---
title: "Two and Three Factor ANOVA"
output:
html_document: default
html_notebook: default
pdf_document: default
---
# Two-way between subjects ANOVA
In factorial between-subjects designs, subjects are assigned to groups that represent a factorial combination of the levels of more than one factor. Let's assume we have two factors. The first factor, we will call **Biofeedback**, has two levels: **present, absent**, and the second factor, **Drug**, also has two levels, **present, absent**. Twenty subjects are randomly assigned to one of four groups, and the dependent measure is blood pressure.
```{r}
bloodpressure <- c(158,163,173,178,168,188,183,198,178,193,
186,191,196,181,176,185,190,195,200,180)
biofeedback <- factor(c(rep("present",10),rep("absent",10)))
drug <- factor(rep(c(rep("present",5),rep("absent",5)),2))
bpdata <- data.frame(bloodpressure, biofeedback, drug)
print(bpdata)
summary(bpdata)
interaction.plot(biofeedback, drug, bloodpressure)
```
The two-way ANOVA tests three omnibus effects: the main effect of each factor, and the interaction
effect between the two factors.
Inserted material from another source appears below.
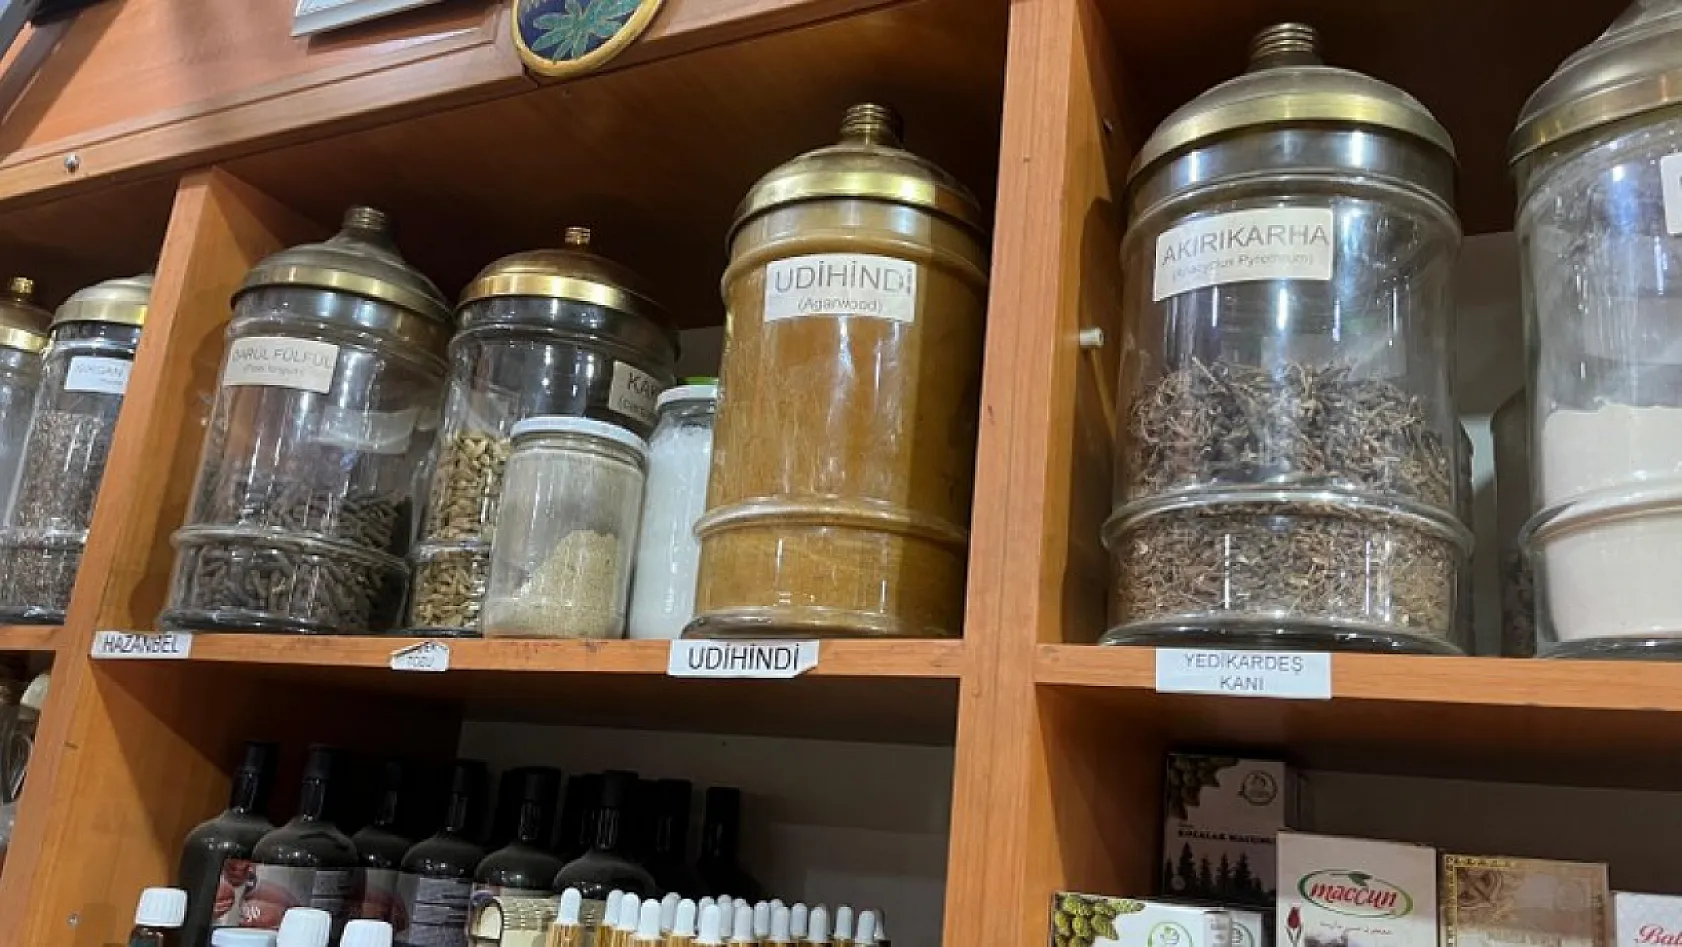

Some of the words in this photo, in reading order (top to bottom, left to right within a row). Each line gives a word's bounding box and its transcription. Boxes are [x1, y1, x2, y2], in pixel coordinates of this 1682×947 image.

[1162, 224, 1330, 266] AKIRIKARHA
[774, 260, 913, 295] UDİHİNDİ
[797, 296, 884, 314] (Agarwood)
[688, 642, 799, 671] UDİHİNDİ
The full model is therefore that each observation $Y_{ijk}$ (the $i$th subject in the $j$th level of $\alpha$ and the $k$th level of $\beta$) is made up of a grand mean $\mu$, the main effect of biofeedback ($\alpha_{j}$), the main effect of drug ($\beta_{k}$) and the interaction effect of blood pressure by drug $(\alpha\beta_{jk})$, plus unaccounted for variance ($\epsilon_{ijk}$):
$$
Y_{ijk} = \mu + \alpha_{j} + \beta_{k} + (\alpha\beta)_{jk} + \epsilon_{ijk}
$$
Since there are three omnibus tests, there are three restricted models --- one for each effect. The full model is alway the same:
$$
\begin{eqnarray}
full: &Y_{ijk} &= \mu + \alpha_{j} + \beta_{k} + (\alpha\beta)_{jk} + \epsilon_{ijk}\\
biofeedback: &Y_{ijk} &= \mu + \beta_{k} + (\alpha\beta)_{jk} + \epsilon_{ijk}\\
drug: &Y_{ijk} &= \mu + \alpha_{j} + (\alpha\beta)_{jk} + \epsilon_{ijk}\\
(biofeedback) (drug): &Y_{ijk} &= \mu + \alpha_{j} + \beta_{k} + \epsilon_{ijk}
\end{eqnarray}
$$
Note how each effect is tested using a restricted model that omits the parameter associated with that effect. Another way of saying this: If there is no main effect of biofeedback, then the $\alpha$ parameter should be zero. If this is true, the restricted model (that doesn't contain $\alpha$), should not fit the data significantly worse than the full model that includes $\alpha$.
## Main effects
Each test of a main effect of a factor is a test of whether there is an effect of that factor on the dependent variable when the data are averaged over the levels of the other factor. Is there an effect of biofeedback, when we average over (essentially ignoring) the levels of the drug factor?
## Interaction Effect
The interaction effect is a test of whether the effect of one factor (e.g. biofeedback) on the dependent variable is \emph{different} depending on the level of the other factor (e.g. drug). Another way of saying this, is that if the effects of the two factors (biofeedback and drug) are simply additive, then there will be no interaction effect. So an interaction effect, if present, reflects the extent to which there is a non-linear (multiplicative) effect of the two factors together.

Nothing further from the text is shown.